Other companies, however, appear to have caved entirely the the anti-LGBTQ mob (see the quick switcheroo of the Major League Baseball logo above). And some have stayed silent about Pride Month despite past promotions marking the occasion. Which means that the brands sticking it out with their “Love Is Love” marketing language — the kind of cheap, bland sentiment that could have once been dismissed as a calculated emotional play — now seem, well, brave? Principled? Willing to take on bigots, no matter the cost?
PetSmart was among the names to face “backlash” in the past week, thanks to a line of Pride-based clothes and toys that would presumably turn your dog woke. (They also donated $200,000 to the Gay, Lesbian and Straight Education Network, which works to end bullying and violence against LGBTQ youth in schools.) When June 1 rolled around, however, PetSmart didn’t back off, and instead pitched the collection as planned on Facebook, along with pictures of guinea pigs and lizards in rainbow gear.
Kohl’s, blasted along with Target for Pride clothing, nonetheless encouraged people to “inspire and embrace your authentic self” with a video featuring LGBTQ models wearing the items, and endured a barrage of nasty comments. Absolut Vodka, one of the first major alcohol brands to advertise in queer media and align itself with Pride, continues to sell its trademark rainbow bottles. And despite the capitulation of the MLB, the New York Mets held strong with their Pride logo on Twitter, unmoved by a chorus of indignation in their replies.

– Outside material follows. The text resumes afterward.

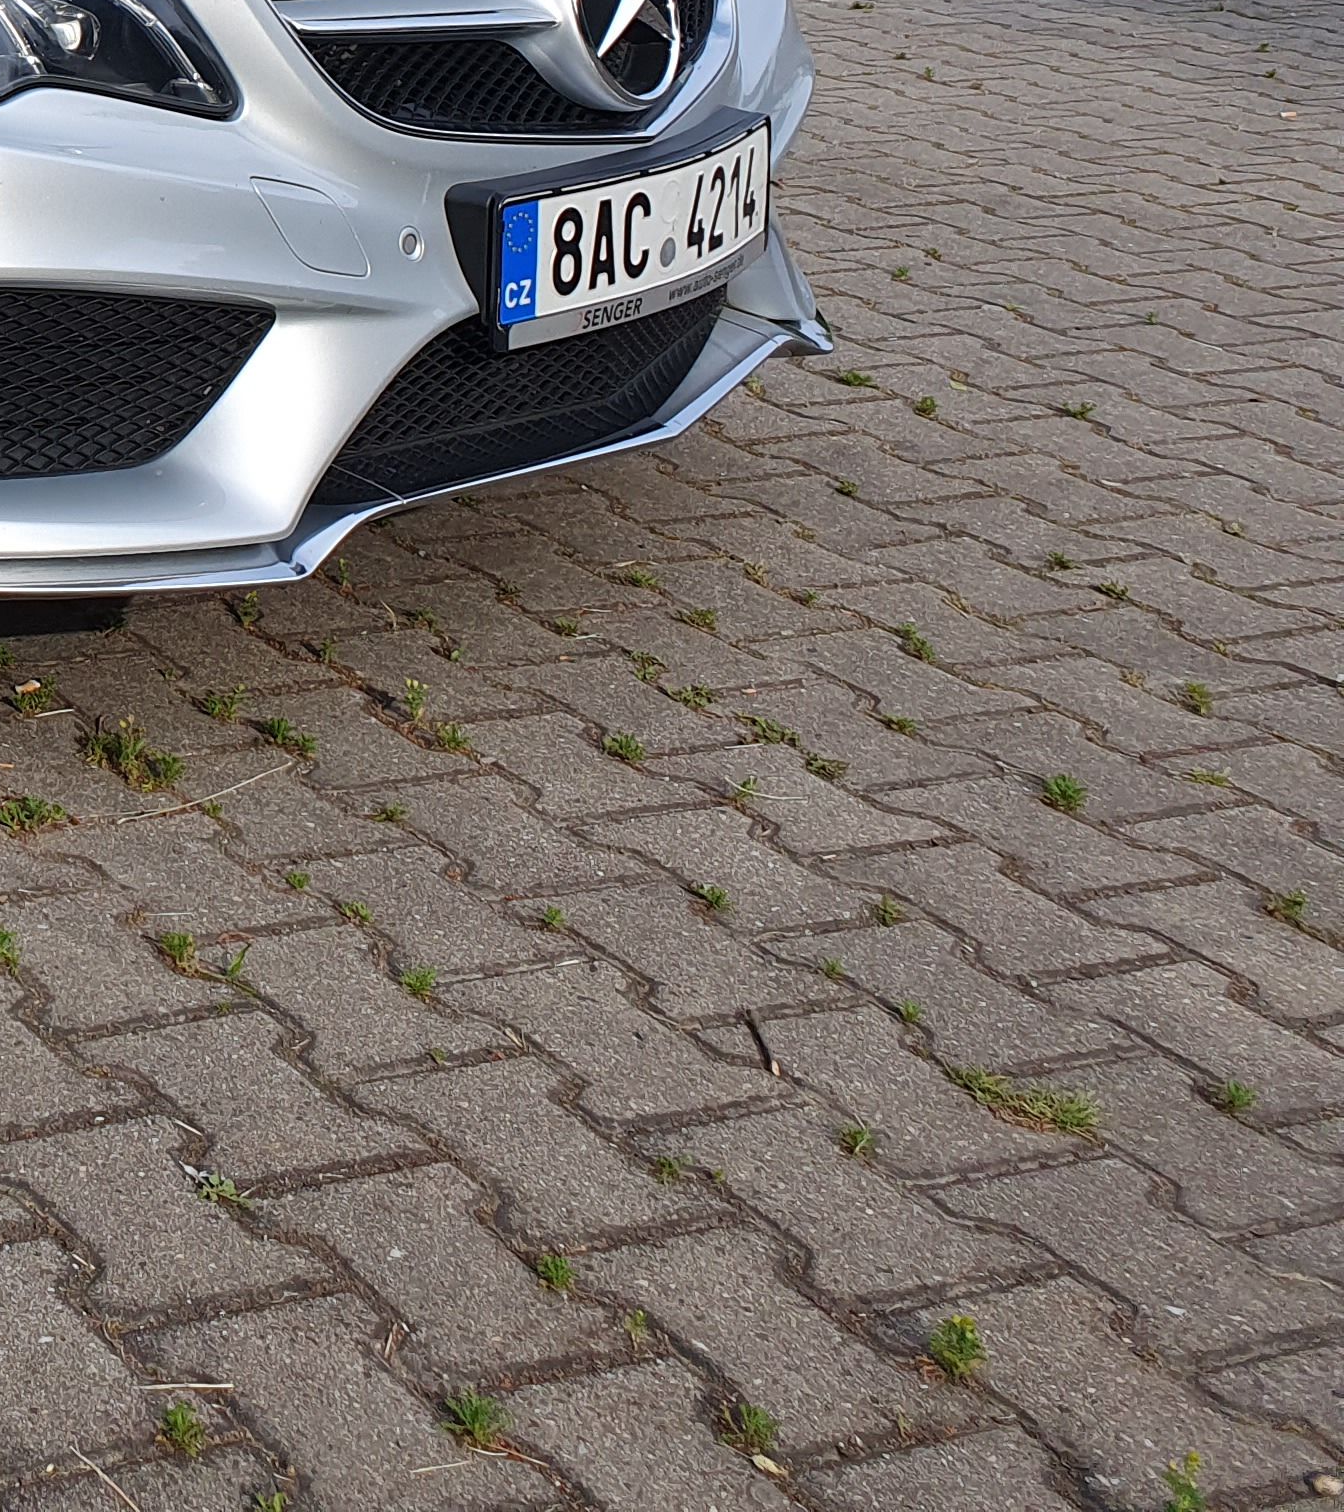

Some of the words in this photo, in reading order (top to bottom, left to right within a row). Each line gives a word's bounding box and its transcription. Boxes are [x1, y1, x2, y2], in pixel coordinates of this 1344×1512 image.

It’s almost embarrassing to be grateful that a handful of multibillion-dollar behemoths have ignored a disgusting moral panic, suggesting that they’d rather have gay and trans customers than extremists bent on erasing those identities from public life. After all, much of this support still boils down to, uh, colors. That certain brands merely avoided falling into the culture war trap is something of a meager, bittersweet victory.
They passed a crucial test of the moment, however, and in that sense… you maybe gotta hand it to them. The gestures that meant comparatively little in “normal” times take on new significance in an era of genocidal rhetoric about a vulnerable minority. By standing up to such orchestrated abuse, even if just online, you can send an implied message that no giant corporation would make explicit: “Fuck off, losers.”
And hasn’t this always been the flip side of the joy expressed in Pride? If you want to stay mad at people reveling in their sheer diversity, that’s too bad for you. Yeah, the companies haven’t quit trying to squeeze money out of this occasion, but when the alternative is to watch them suddenly stop — as though fearful of alienating fascists looking for the next brand to cancel — we know which outcome is better. I won’t say I’m compelled to buy a rainbow bow tie for my cat. It’s just nice that I can.